The non-profit types have loads of people who are not-PhDs who do clever
think-tank style work for the government. Lots of report writing mostly, but
if you can get latched onto some IRAD type project and do internal R&D work,
you can see some really cool stuff -- I'm pretty sure I've seen the first ever
real-time fusion of geospatial data from six different imagery platforms in a
3d environment. But even the report writing can be interesting, things like
open-source studies of countries, industries, facilities, etc. But they can
also be a back door into the lab work if you work for one of the managing
organizations (like Battelle). Look into them closely as they also tend to
have fairly large internal R&D departments. It's possible to make a career
working on IRAD projects and responding to SBIR grants. Both are pure
research.

Other places do things like geospatial systems research, text mining,
information visualization, network security research (which for lab purposes
usually requires lots of high level systems understanding or solid math, not
as much low level hacking as you might expect, lots of the work is in
predictive theories and social network analysis), pattern detection, image
analysis, image change detection -- lots of good places for applied math,
acoustic triangulation, emergency response modeling and simulation, etc. Think
DARPA style research, which the labs do lots of work for.

If you are into hardware, there's also plenty of that, communication systems,
weapons testing (like naval guns), hardware encryption systems, phased array
radars, biochem detection systems, rapid prototyping, radiation detectors etc.

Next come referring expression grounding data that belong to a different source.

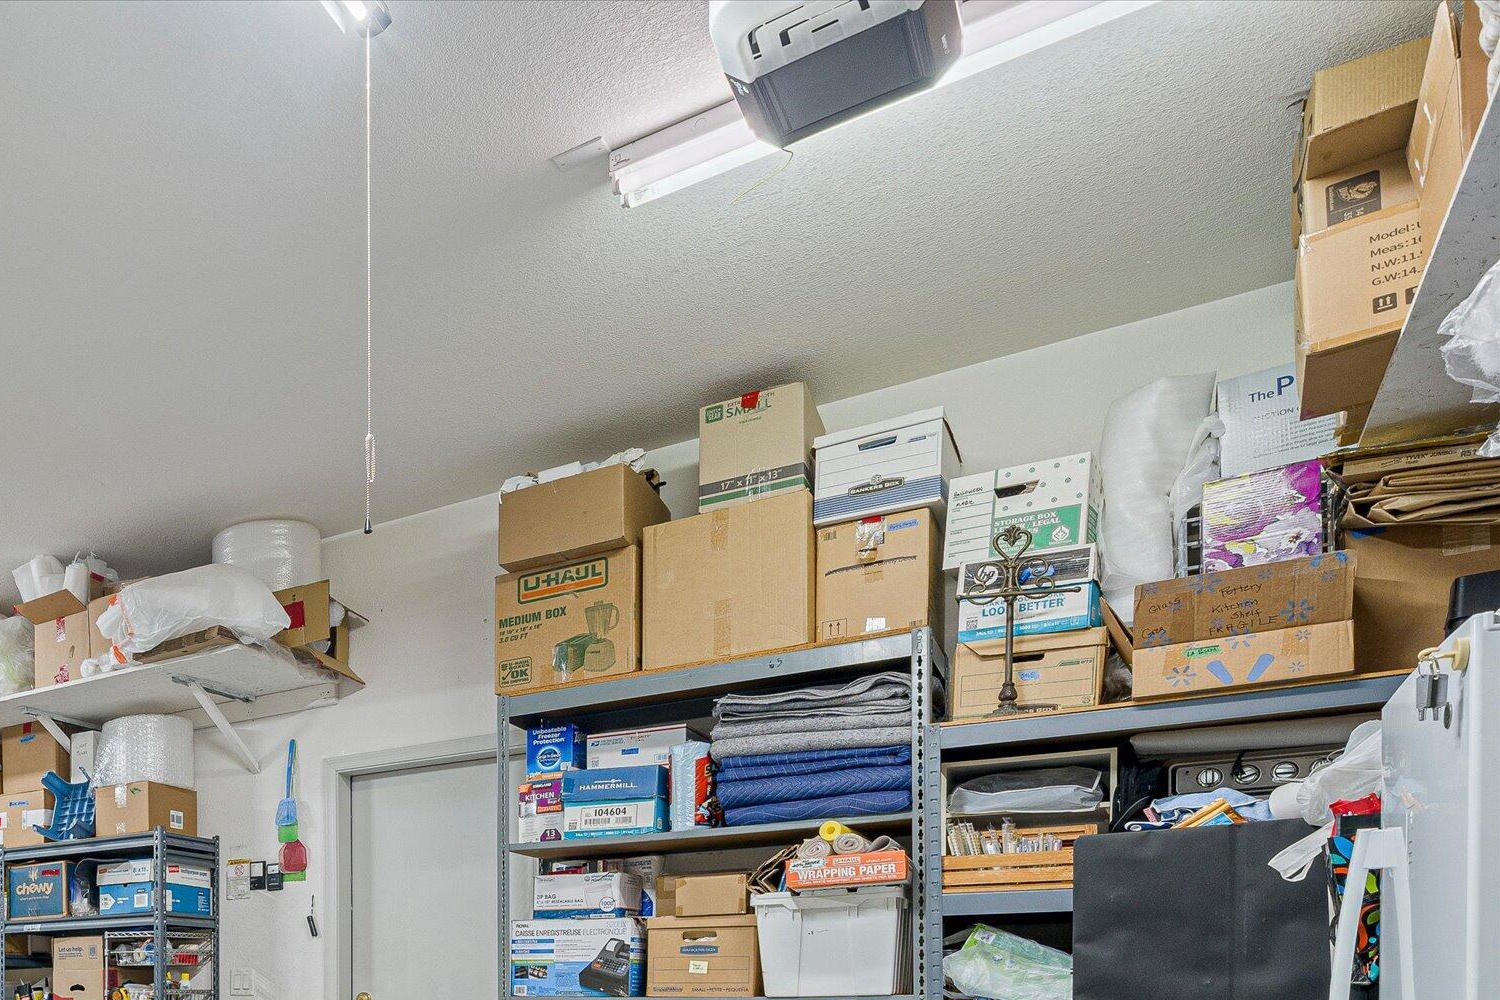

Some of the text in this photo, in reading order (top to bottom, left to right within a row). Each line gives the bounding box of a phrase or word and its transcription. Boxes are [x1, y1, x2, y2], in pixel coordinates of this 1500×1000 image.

[1249, 390, 1275, 402] The
[850, 480, 900, 495] BANKERS BOX
[994, 511, 1057, 527] STORAGE BOX
[1033, 517, 1061, 527] LEGAL
[523, 563, 602, 592] U-HAUL
[982, 604, 1007, 617] LOO
[1019, 596, 1064, 613] BETTER
[499, 606, 567, 629] MEDIUM BOX
[511, 669, 528, 678] OK
[532, 726, 567, 736] Unbeatable
[538, 732, 561, 740] Freezer
[533, 738, 565, 746] Protection
[580, 782, 637, 790] HAMMERMILL
[525, 792, 554, 801] KITCHEN
[594, 807, 627, 816] 104604
[546, 829, 556, 837] 13
[799, 864, 896, 880] WRAPPING PAPER
[16, 883, 53, 896] chewy
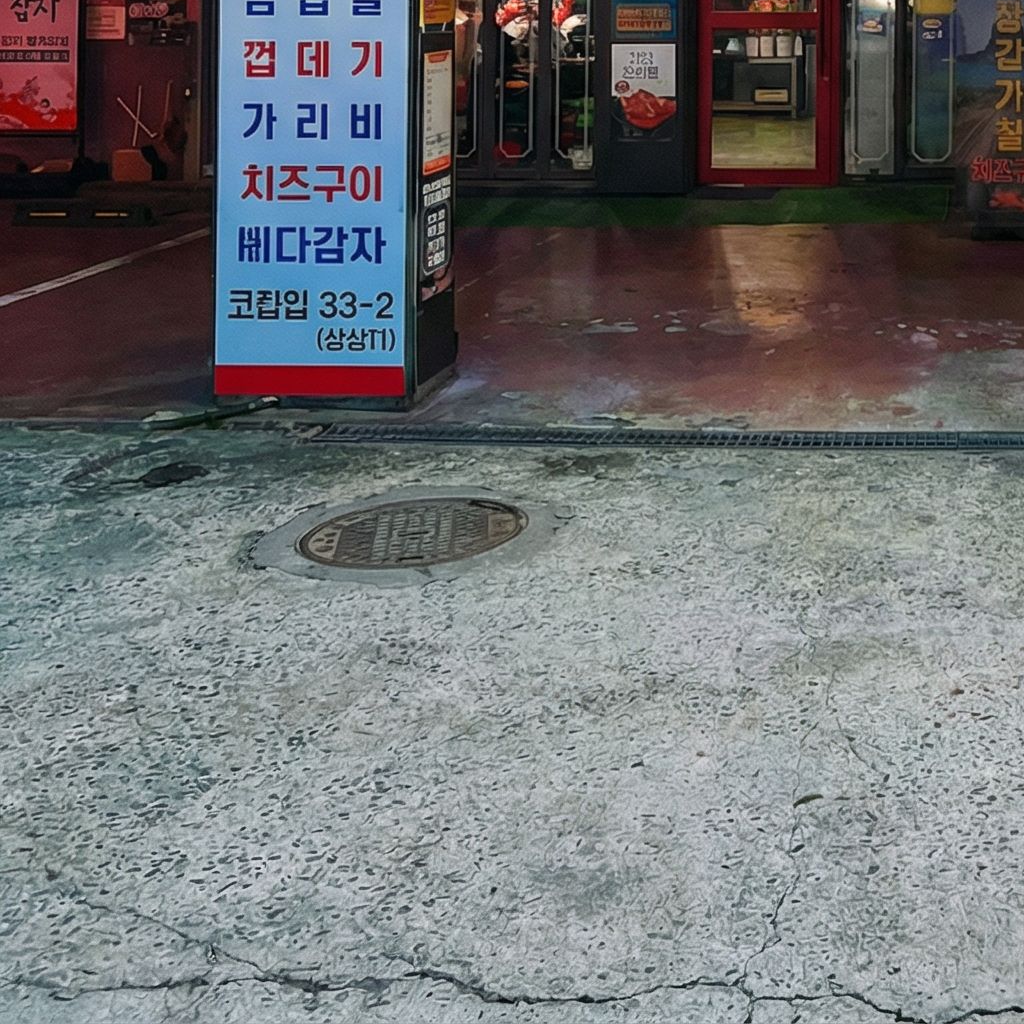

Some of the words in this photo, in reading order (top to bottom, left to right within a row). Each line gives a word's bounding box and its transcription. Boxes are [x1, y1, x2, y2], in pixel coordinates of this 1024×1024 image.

[243, 103, 382, 140] 가리비
[241, 164, 383, 203] 치즈구이
[319, 291, 394, 319] 33-2

Most of these don't require PhD backgrounds, and if you hit all the ones you
are interested in, you might find something that sticks.

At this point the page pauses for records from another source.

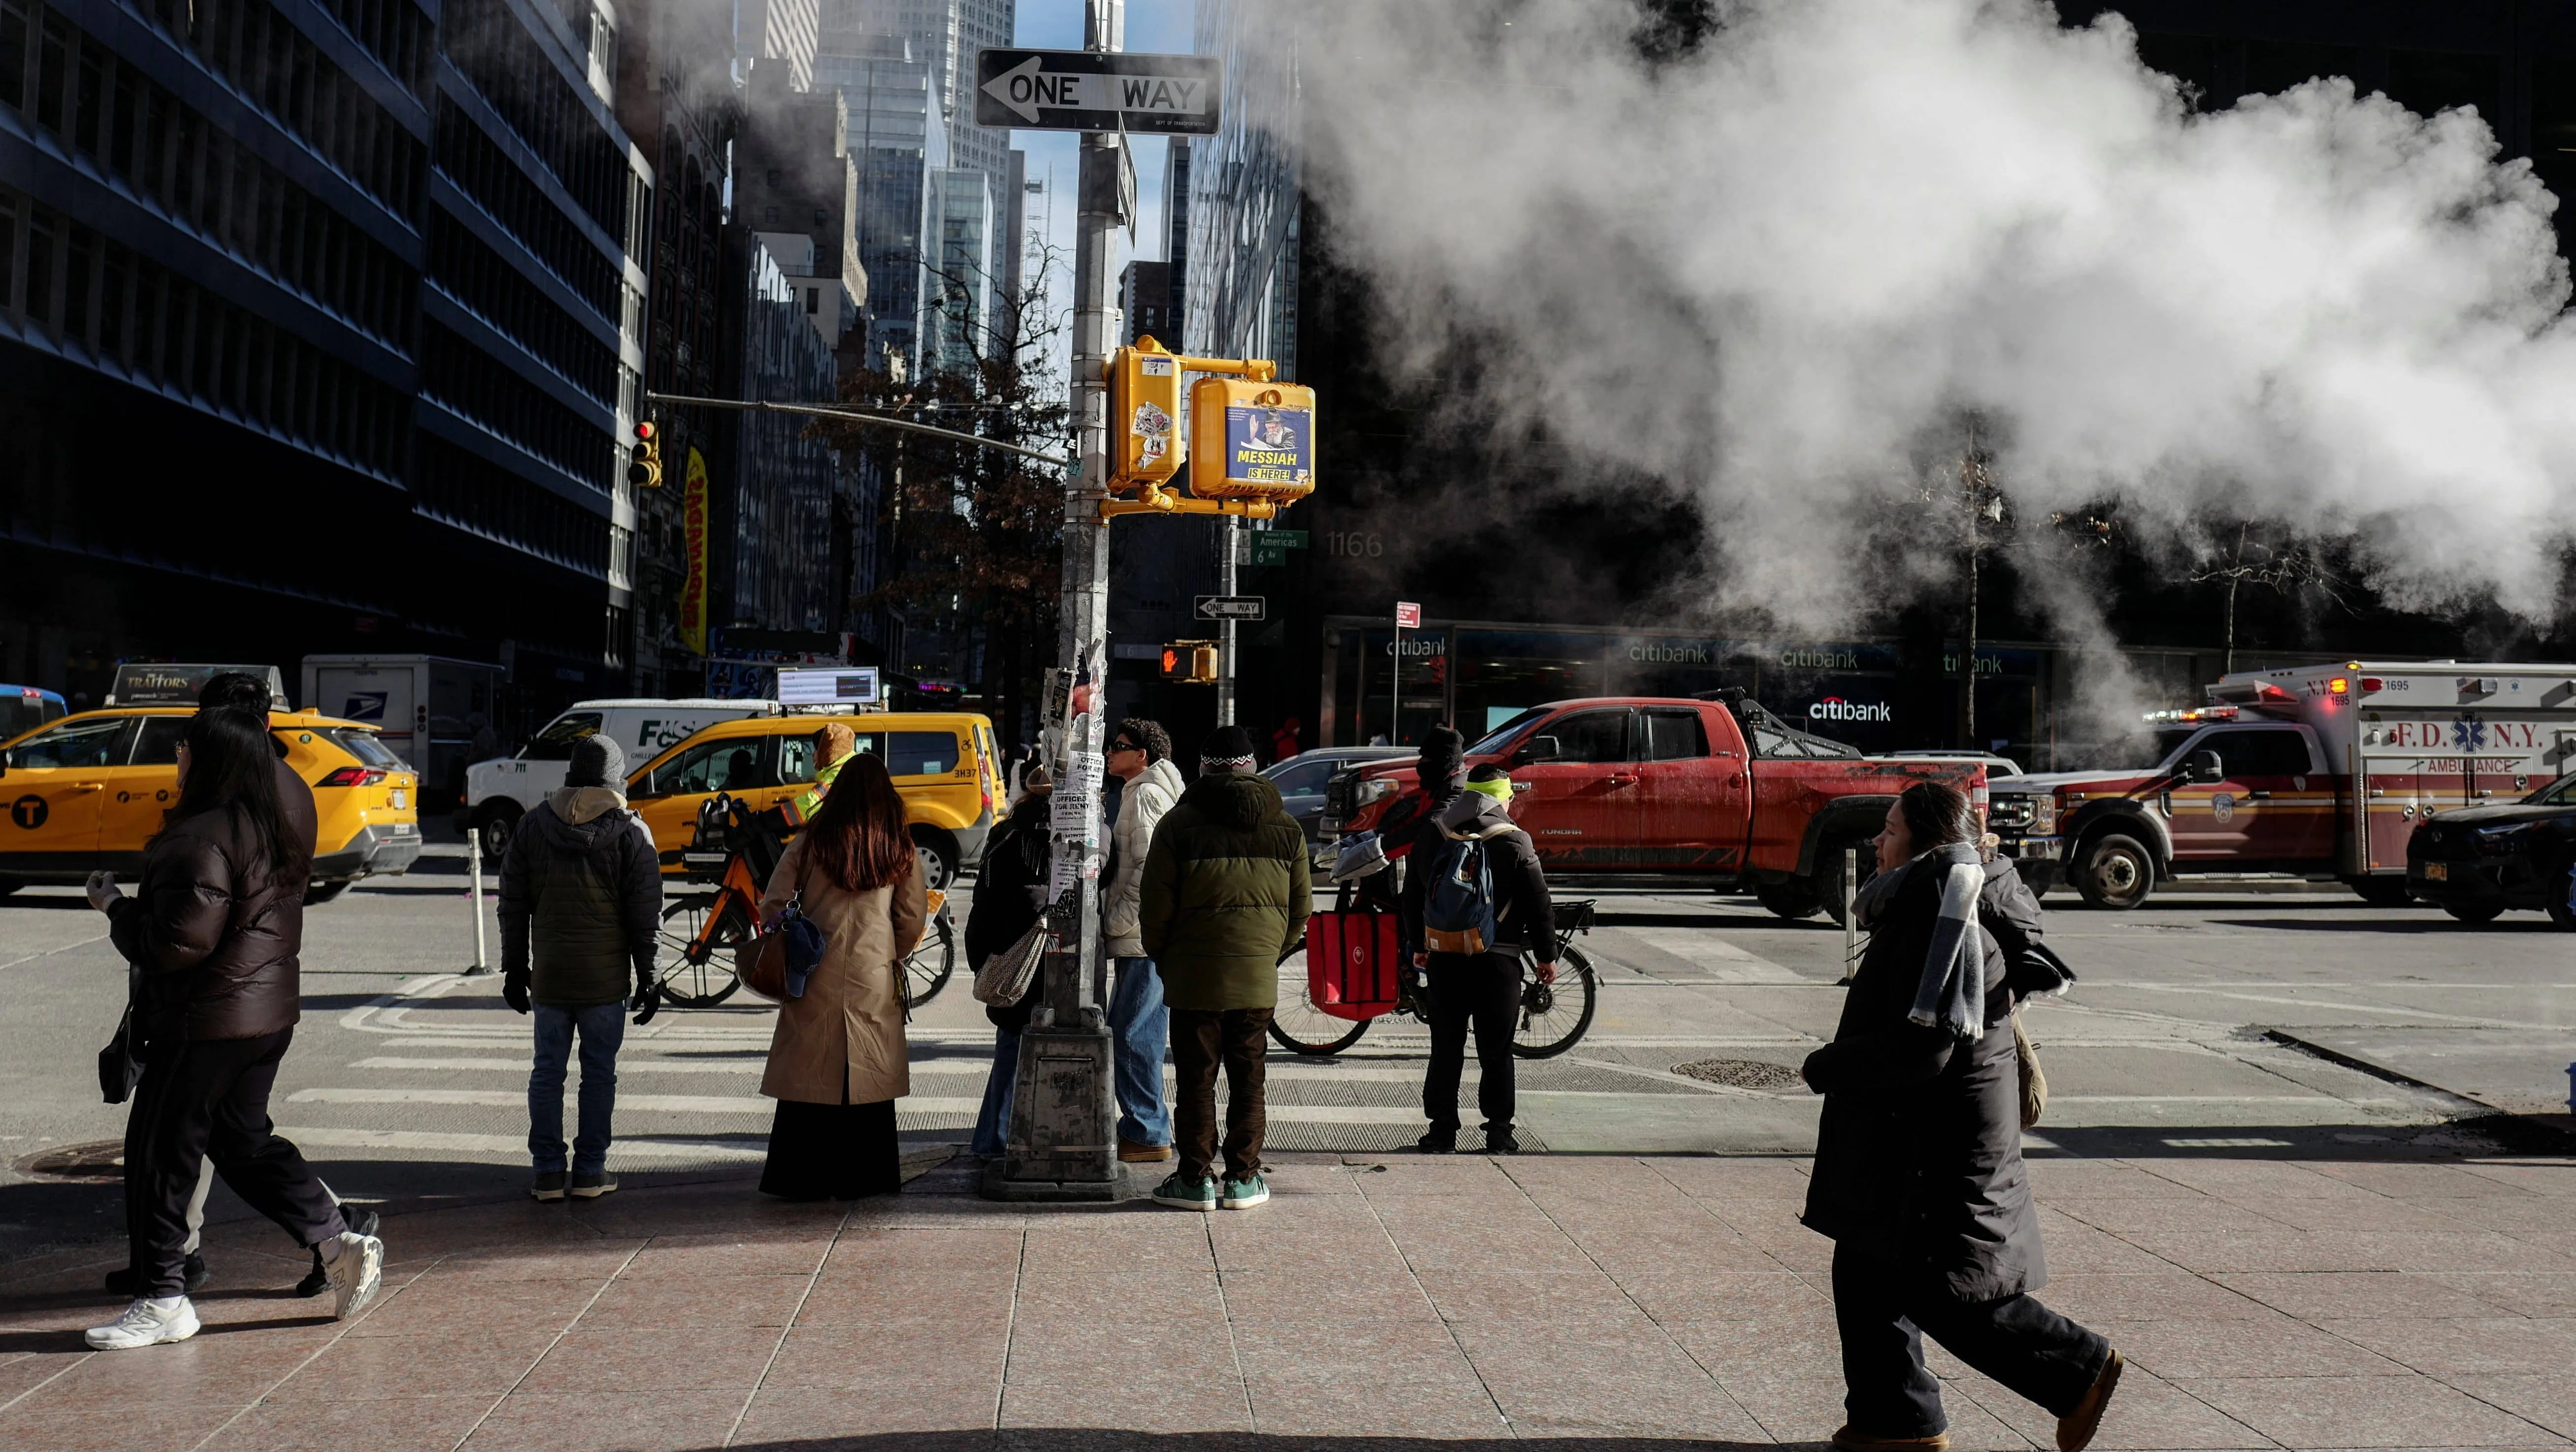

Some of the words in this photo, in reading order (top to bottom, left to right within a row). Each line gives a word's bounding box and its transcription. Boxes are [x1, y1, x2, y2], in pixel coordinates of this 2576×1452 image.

[1009, 74, 1080, 105] ONE
[1123, 79, 1197, 109] WAY
[1237, 450, 1296, 466] MESSIAH
[1249, 469, 1257, 477] IS
[1260, 470, 1289, 479] HERE!
[1260, 538, 1297, 547] Americas
[1326, 530, 1383, 557] 1166
[1258, 551, 1264, 563] 6
[1207, 604, 1225, 612] ONE
[1237, 604, 1256, 612] WAY
[1387, 637, 1446, 656] ctibank
[1629, 644, 1708, 663] citibank
[1780, 649, 1857, 669] citibank
[2386, 680, 2409, 690] 1695
[2331, 695, 2349, 706] 1695
[1810, 700, 1890, 722] citibank
[2397, 722, 2447, 747] F.D.
[2494, 724, 2543, 748] N.Y.
[515, 763, 526, 773] 711
[1081, 757, 1103, 766] OFFICE
[2428, 759, 2512, 773] AMBULANCE
[955, 769, 976, 778] 3H37
[20, 801, 40, 825] T

Honestly, given your background, you'd probably find a better home at the labs
than the companies. But the hiring cycle is abysmally slow, don't take a non-
response as evidence of a lack of desire to hire. 6-12 month wait times on
call backs are not uncommon. Often followed by 5-20 years of happy employment.

I personally found both the lab and non-profit environments a bit too rarefied
for my tastes. But I _do_ miss being surrounded by brilliant people every day.
Also, keep in mind that some of these are enormous organizations, Google-sized
by way of comparison, their campuses can be measured in square-miles, not
acres and they often have tens of thousands of employees. If you don't live in
the States (or aren't a citizen), there are probably equivalent organizations
in your home country. Often there is lots of cross-pollination as well, I
worked on projects with the Brits, the Italians, Singapore and the Aussies.

------
carbocation
Medicine. Health policy. Policy, in general. All allow you to do what you ask
(to greater or lesser degrees). Of course, there is a lot of training required
to get into the 'thinking' jobs in medicine.

------
pascalchristian
Not exactly a job per se, but just go and spent your time in vegas. It took
serious thinking to beat the house in roulette, poker, blackjack, or baccarat.

------
Mathnerd314
Research mathematician - since math is pure thought.